2. PROTEÇÃO DE DADOS
Mozilla container
A Mozilla criou uma extensão para o Firefox que isola sua identidade registrada no Facebook em um “container” que não permite os scripts da empresa acessem os dados de outras abas abertas no navegador. Assim, a rede fica impedida de saber por quais websites você navega através dos chamados “third-party cookies”. Isso permite que você continue usando a rede no mesmo navegador sem que o resto da sua vida na Web seja monitorada.
Privacy Badger
A extensão Privacy Badger busca impedir, para além das redes sociais, o monitoramento online feito pelos vários “trackers” que, através de scripts carregados praticamente em todas as páginas que você visita.

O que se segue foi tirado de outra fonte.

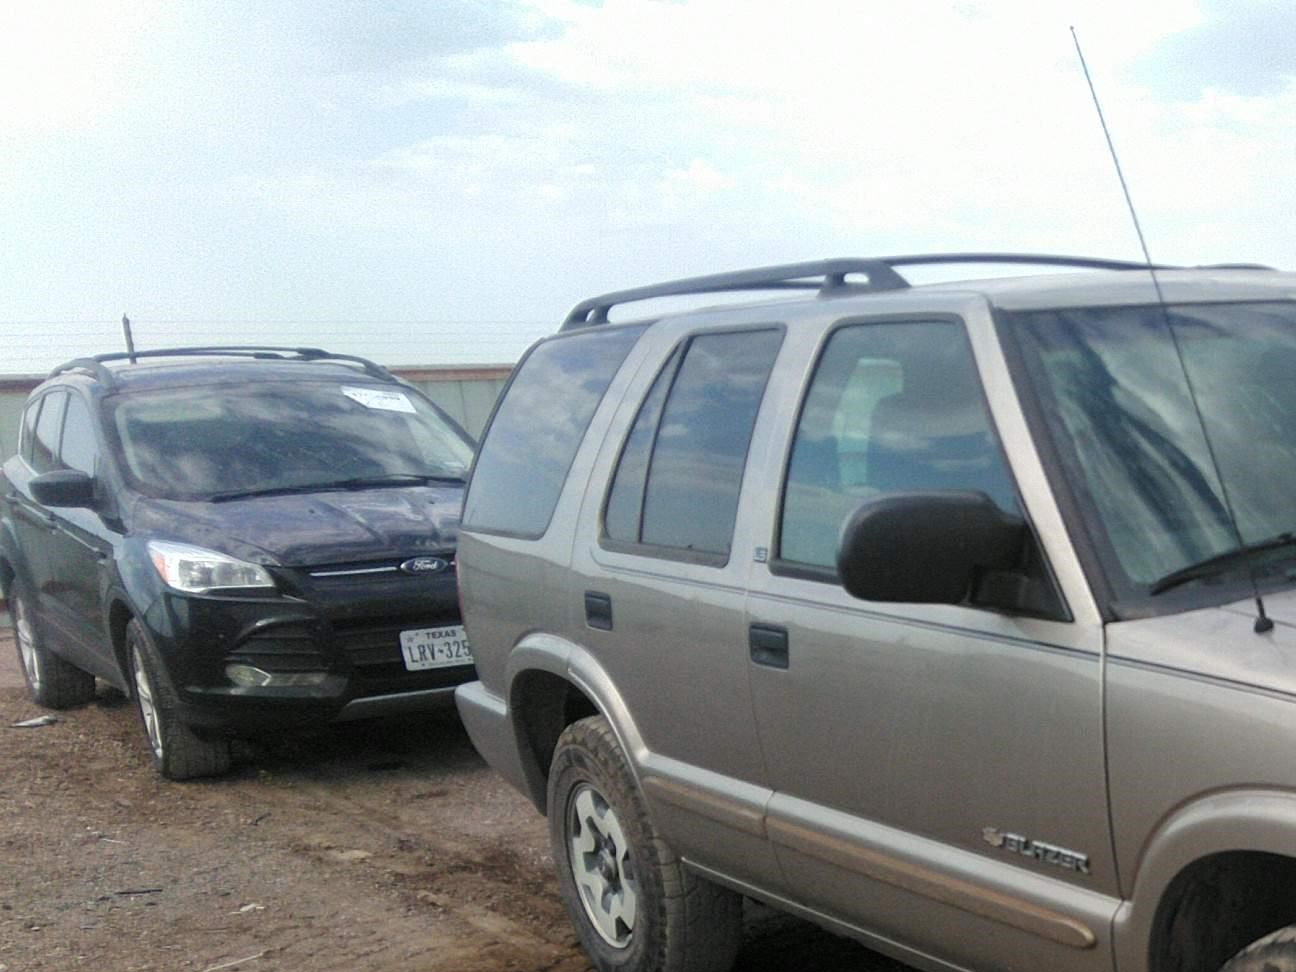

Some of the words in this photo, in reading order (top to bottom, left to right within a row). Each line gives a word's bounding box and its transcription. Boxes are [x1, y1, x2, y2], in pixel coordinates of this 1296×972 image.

[412, 559, 439, 571] Ford
[424, 629, 457, 640] TEXAS
[1005, 832, 1089, 874] BLAZER
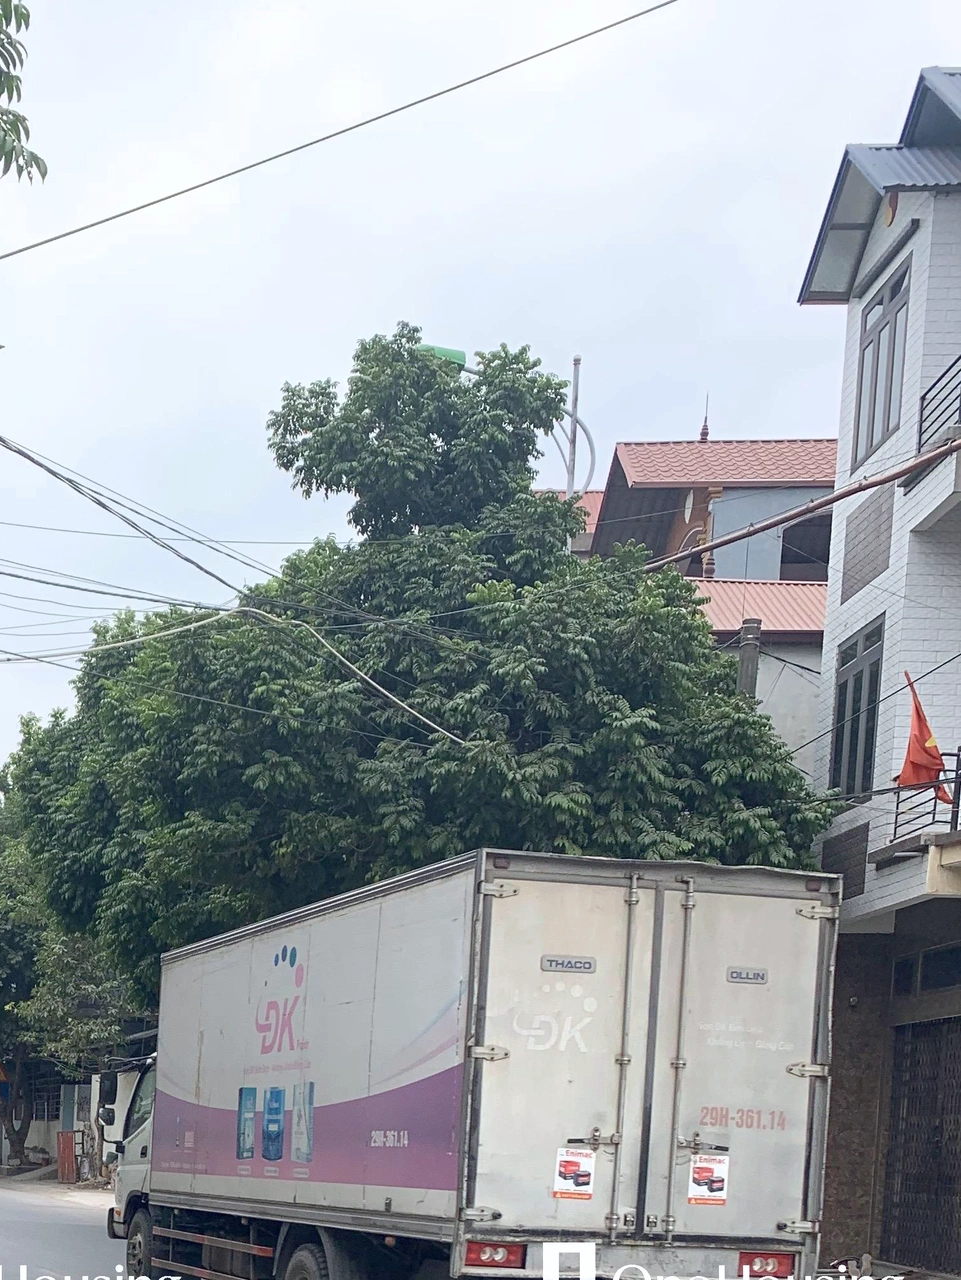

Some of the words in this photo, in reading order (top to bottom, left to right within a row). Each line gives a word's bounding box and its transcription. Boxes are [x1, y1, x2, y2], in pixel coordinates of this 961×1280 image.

[546, 958, 593, 970] THACO
[730, 970, 765, 982] OLLIN
[699, 1106, 786, 1131] 29H-361.14

Em vez de bloquear todos os scripts, o que é uma solução mas deixa os sites tortos, disfuncionais ou completamente inutilizáveis, ele vem embutido de uma inteligência que consegue entender quais scripts (ou partes deles) estão sendo usadas para monitoramento (e não, digamos, para tornar a página dinâmica ou fazer uma animação quando se clica em um botão) e faz, então, um “bloqueio cirúrgico” somente do código usado para fuxicar seu histórico.
O Privacy Badger pode ser instalado no Firefox, no Chrome e no Opera.

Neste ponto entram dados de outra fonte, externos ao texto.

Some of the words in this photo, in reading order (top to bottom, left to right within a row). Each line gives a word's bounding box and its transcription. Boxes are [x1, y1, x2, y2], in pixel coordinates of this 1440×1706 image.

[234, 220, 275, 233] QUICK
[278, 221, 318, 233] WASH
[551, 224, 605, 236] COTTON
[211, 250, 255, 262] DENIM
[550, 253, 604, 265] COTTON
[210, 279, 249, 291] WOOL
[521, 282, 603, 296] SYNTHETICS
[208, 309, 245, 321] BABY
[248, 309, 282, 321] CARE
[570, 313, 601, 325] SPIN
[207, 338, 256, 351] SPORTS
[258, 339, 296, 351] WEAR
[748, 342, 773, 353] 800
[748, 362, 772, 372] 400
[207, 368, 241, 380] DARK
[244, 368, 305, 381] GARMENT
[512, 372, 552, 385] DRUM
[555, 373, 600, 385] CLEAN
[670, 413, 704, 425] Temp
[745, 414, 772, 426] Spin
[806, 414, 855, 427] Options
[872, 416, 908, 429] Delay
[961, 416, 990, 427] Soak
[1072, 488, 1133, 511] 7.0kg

Essas são apenas algumas ferramentas que mapeamos na tentativa de ilustrar formas como desenvolvedorxs e pesquisadorxs estão trabalhando para tentar vigiar quem nos vigia. Muitos outros exemplos também poderiam ser elencados, sendo que alguns deles podem até mesmo ser vistos como esforços duplicados. Cabe, portanto, ressaltar que, para além de baixar e testar algumas dessas ferramentas, e, dessa forma, fornecer dados para xs pesquisadorxs que estão tentando decifrar as caixas pretas das redes sociais, é necessário também que haja mais articulação entre todxs que estão desenvolvendo e analisando os dados coletados. A maioria dessas ferramentas tem divulgação limitada a determinados contextos, enquanto que a quantidade de dados necessários para um mapeamento representativo depende de mais gente usando as mesmas. Nesse sentido, o uso de tecnologias e metodologia compartilhadas ampliaria a capacidade de diagnosticar as práticas das empresas proprietárias das grandes redes sociais, e dimensionar melhor o impacto das mesmas nas nossas democracias.
Joana Varon, do Brasil, é diretora executiva da Coding Rights. Lucas Teixeira, também do Brasil, atua na diretoria de tecnologia da Coding Rights.